Cela ressemblait plus à un ordre qu’à une information. Elios désignait de sa main le groupe de secrétaires composé de deux hommes et trois femmes en tenue grise et à la mine aussi affable que le ciel un jour de pluie glaciale. Au final, beaucoup se dirent qu’il était même plus prudent de ne pas leur demander de l’aide…
- Je vous laisse télécharger les informations relatives au test sur la borne située à la droite du bureau d’accueil.
Instinctivement, tout le monde sortit son appareil personnel pour s’exécuter : montre, téléphone, lunettes, montre, voire émographe pour ceux qui possédaient le dernier modèle.
- Je vous donne rendez-vous dans quelques jours pour le test. Celui-ci se déroulera ici même dans nos locaux, indiqua Elios. Une dernière chose. D’autres écoles ouvriront bientôt leurs portes dans d’autres villes. Je sais que certains viennent de loin. Il se pourrait donc qu’en cas de réussite, ils soient mutés dans une école plus proche de leur lieu de résidence. Je vous remercie.
Il tourna aussitôt les talons et regagna son bureau sans tarder. Le temps sembla s’écouler à nouveau dans les couloirs, et, personnel comme étudiant, ils regagnèrent leurs postes ou leurs salles de travail respectifs.
Les discussions allaient bon train dans les rangs des jeunes gens qui sortaient du hall. Mizuchi, lui, ne parlait pas. Il observait. Une jeune femme marchait d’un pas léger un peu plus loin sur sa droite. Ses cheveux, d’un blond tirant sur le roux, éclataient de couleur sous le soleil. Ils tourbillonnaient dans son dos jusqu’à s’échouer sur ses fesses galbées. Elle semblait être de sa taille, autant qu’il puisse en juger à cette distance. Son contact visuel était sans cesse altéré par d’autres personnes qui passaient dans son champ de vision. Il ne pouvait la voir que par intermittence. Mais, ces instantanés de beauté le fascinaient néanmoins ; si bien qu’il n’entendit pas Zabka arrivait à sa hauteur.
- Alors rêveur ! Qu’est-ce qui génère tant d’émotions dans ton tout petit cœur ? questionna-t-elle.
Elle chercha du regard l’objet de contemplation du jeune homme mais ne le vit pas.
- Tu sais qu’on entend ton émo vibrer à quinze kilomètres à la ronde ?
Mizuchi, surpris par l’apparition de son amie, revint brusquement à la réalité. Il voulut étouffer le bruit de l’appareil avec sa main, mais c’était peine perdue, la vibration s’accentuait et l’alarme pouvait se déclencher à tout moment. Mizuchi se remémora alors l’exercice appris de sa mère et qu’il avait perfectionné lors de sa scolarité. Il fit le calme en lui et réfréna toutes les émotions qui naissaient. Il se concentra sur une pensée spécifique, de nature à ne rien ressentir.

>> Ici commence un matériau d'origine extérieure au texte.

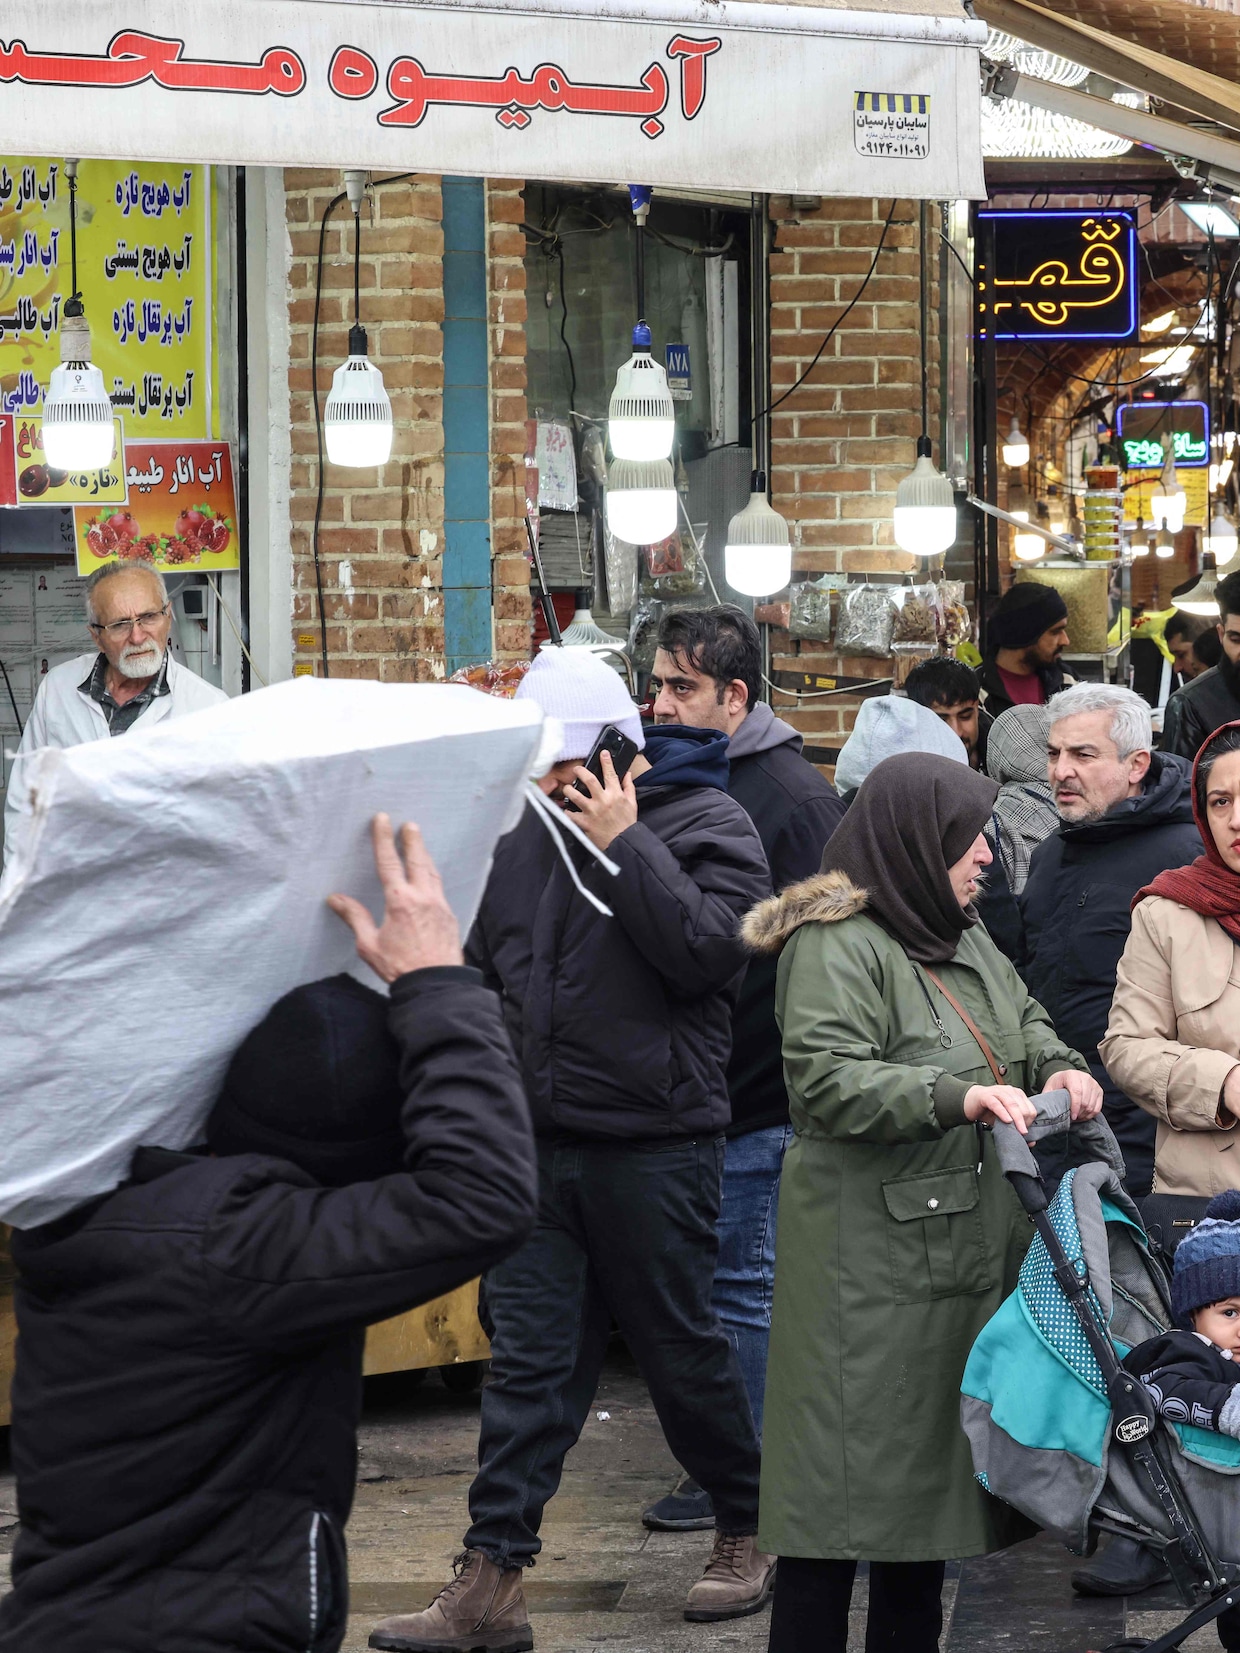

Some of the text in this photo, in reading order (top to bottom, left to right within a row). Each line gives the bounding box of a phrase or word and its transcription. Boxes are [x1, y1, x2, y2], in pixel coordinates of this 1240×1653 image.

[328, 33, 722, 139] آبمیوه
[856, 115, 927, 131] سایبان پارسیان
[16, 167, 35, 210] انار
[39, 166, 58, 210] آب
[116, 172, 192, 216] آب هویج تازه
[17, 232, 38, 275] انار
[40, 231, 59, 274] آب
[105, 236, 192, 279] آب هویج بستنی
[40, 296, 61, 339] آب
[113, 300, 192, 344] آب پرتقال تازه
[3, 373, 39, 413] طالبی
[109, 372, 193, 416] آب پرتقال بستن
[126, 452, 224, 494] آب انار طبیع
[1120, 1420, 1146, 1436] Happy World

Ainsi, il put stopper ses ardeurs émotives et retrouvait un état stable.
Le bruit des vibrations avait cependant alerté une patrouille de deux antesignes restait à proximité de l’école. Ils n’étaient pas parvenus à identifier la personne à l’origine de ces bruits, et attendaient que l’alarme se manifeste, signifiant que la limite légale avait été franchie. Visiblement perdus, ils ne réagirent pas quand Mizuchi croisa leur regard.
- Merci.
- Sois plus vigilant. Il ne faudrait pas que cela t’arrive trop souvent si tu veux entrer dans cette école…à moins que tu ne veuilles aller faire un petit tour du côté de Carciem, le sermonna Zabka.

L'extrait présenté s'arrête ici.